**Task details**
Every entry below should be restated word for word, except for its images.

**Text-to-region grounding data**
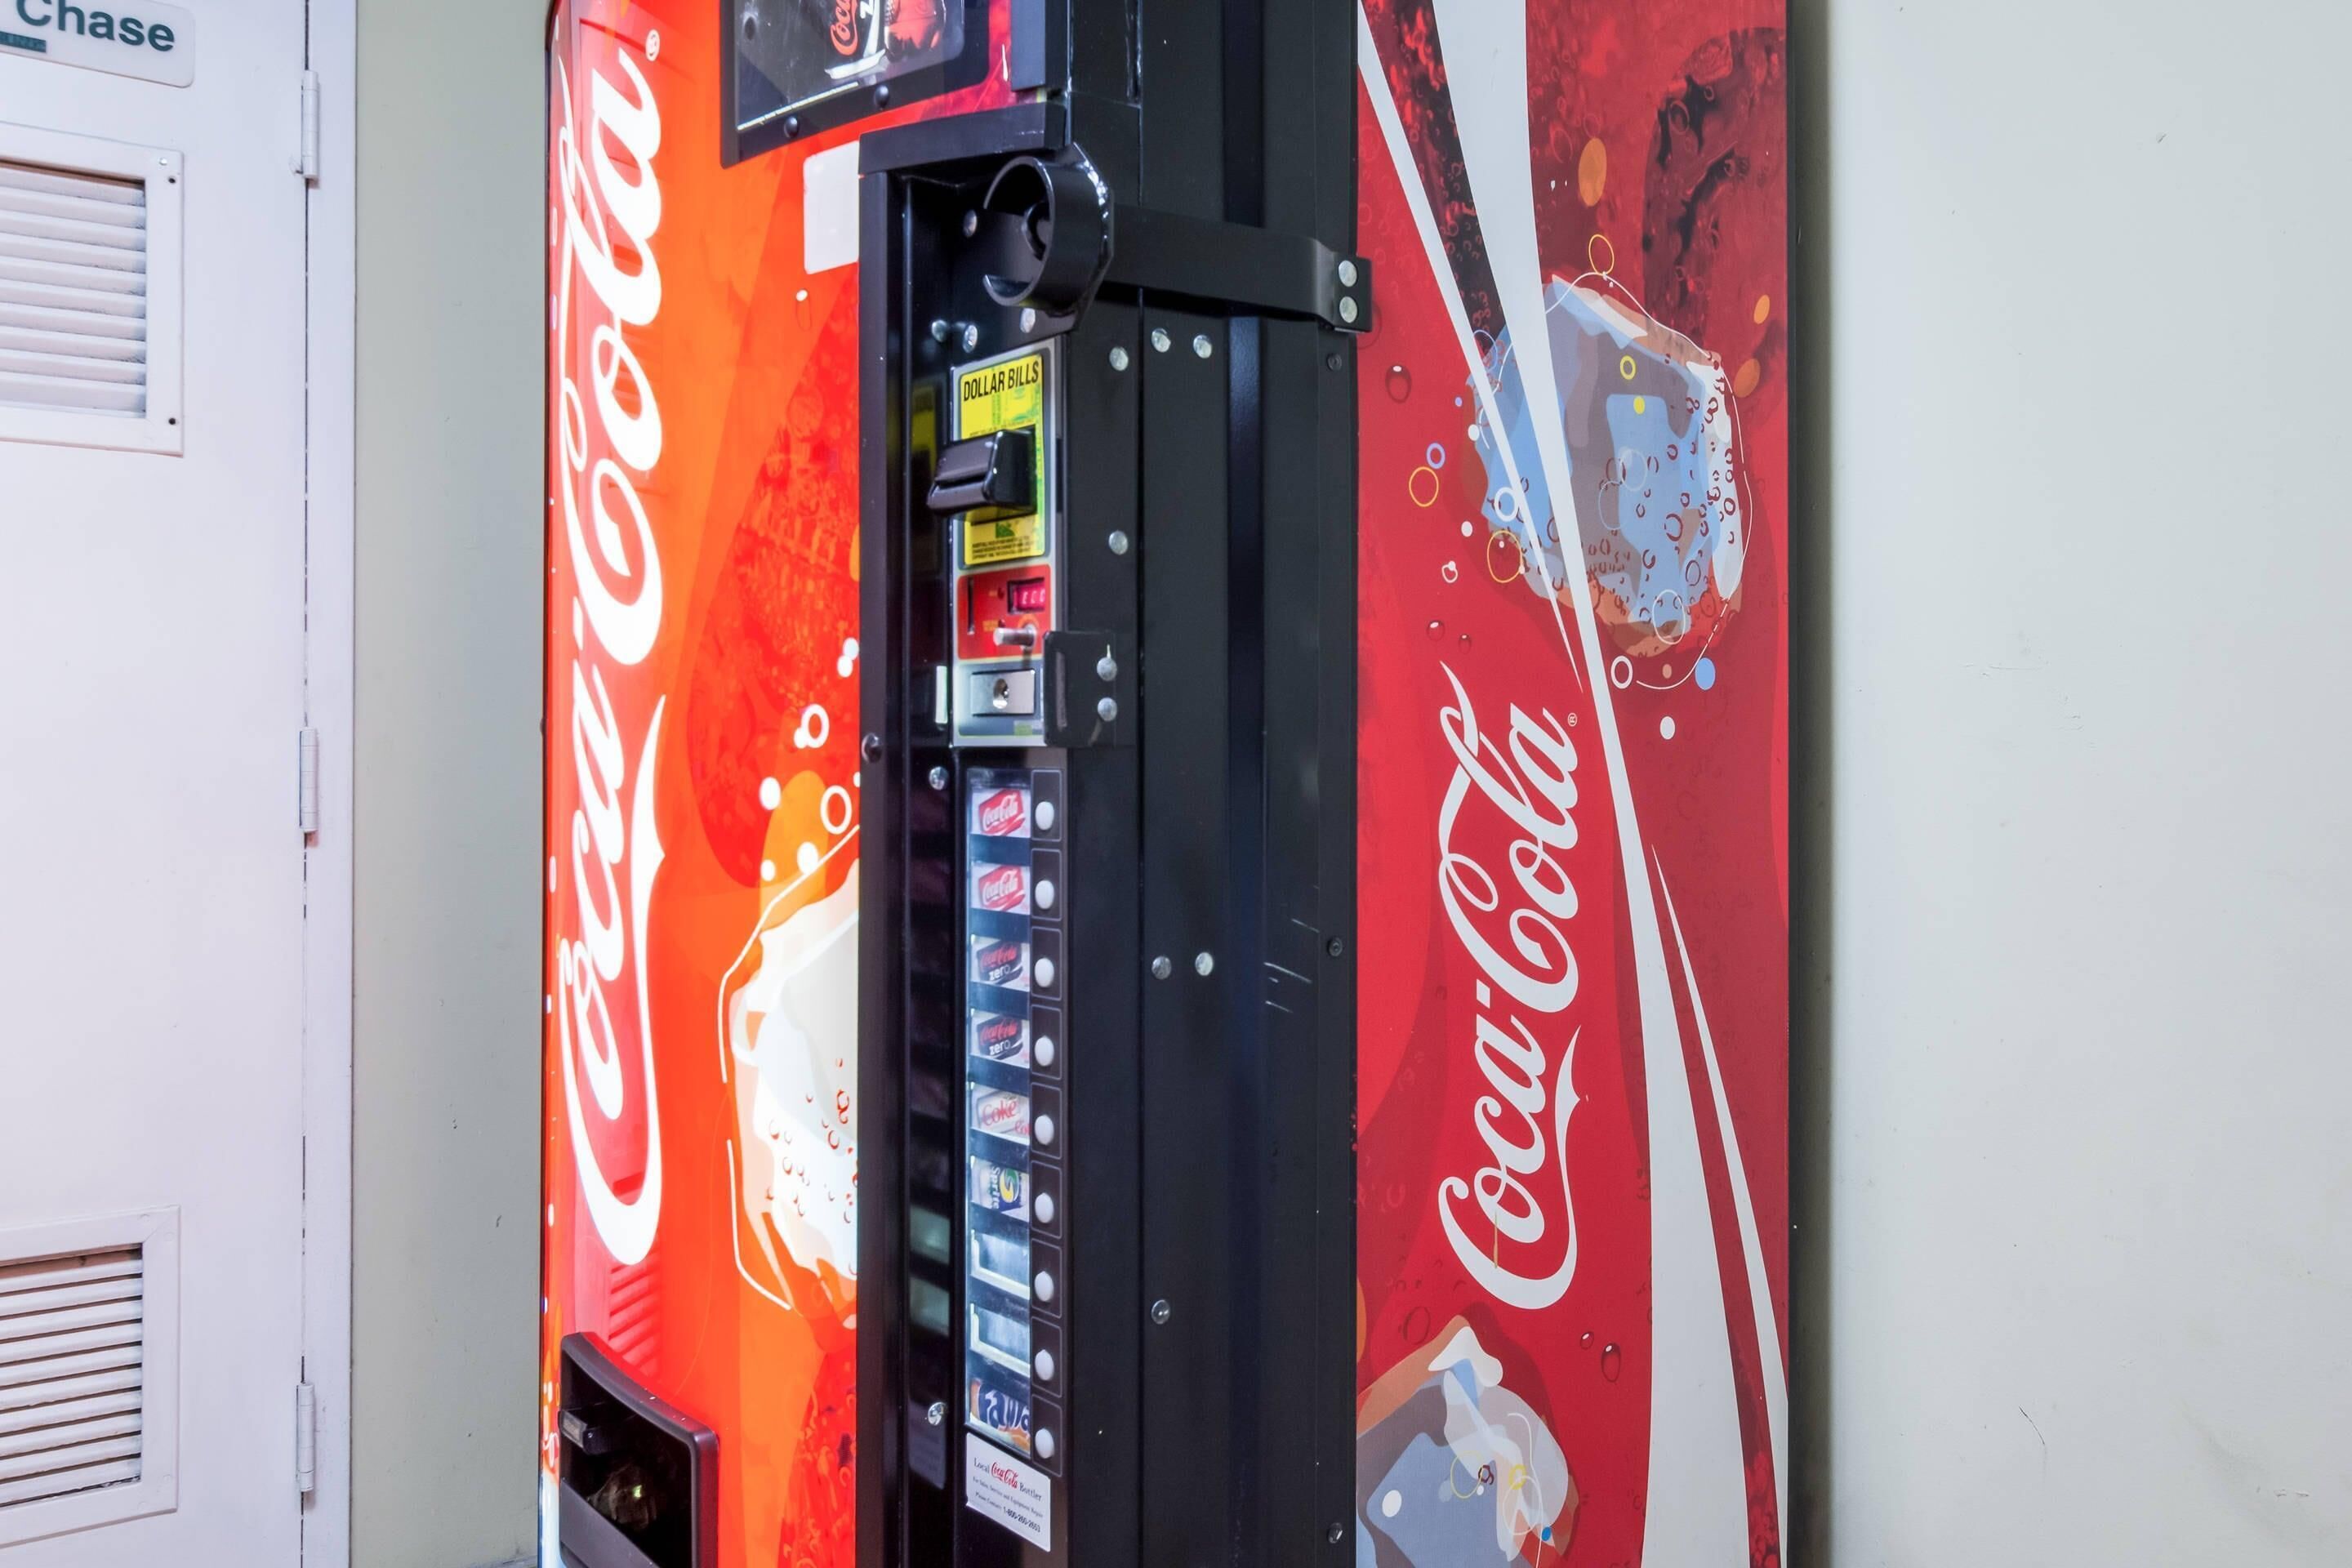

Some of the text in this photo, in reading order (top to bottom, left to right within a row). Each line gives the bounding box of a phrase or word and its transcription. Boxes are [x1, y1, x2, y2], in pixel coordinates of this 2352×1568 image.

[16, 0, 175, 51] Chase
[964, 360, 1039, 402] DOLLAR BILLS
[989, 964, 1011, 981] zero
[989, 1040, 1011, 1056] zero
[982, 1099, 1018, 1126] Coke
[989, 1166, 1000, 1209] Sprite
[974, 1457, 989, 1473] Local
[1019, 1482, 1042, 1502] Bottler

**Result of this task**
Some of the text in this photo, in reading order (top to bottom, left to right within a row). Each line gives the bounding box of a phrase or word and its transcription. Boxes are [x1, y1, x2, y2], in pixel coordinates of this 2352×1568 image.

[16, 0, 175, 51] Chase
[964, 360, 1039, 402] DOLLAR BILLS
[989, 964, 1011, 981] zero
[989, 1040, 1011, 1056] zero
[982, 1099, 1018, 1126] Coke
[989, 1166, 1000, 1209] Sprite
[974, 1457, 989, 1473] Local
[1019, 1482, 1042, 1502] Bottler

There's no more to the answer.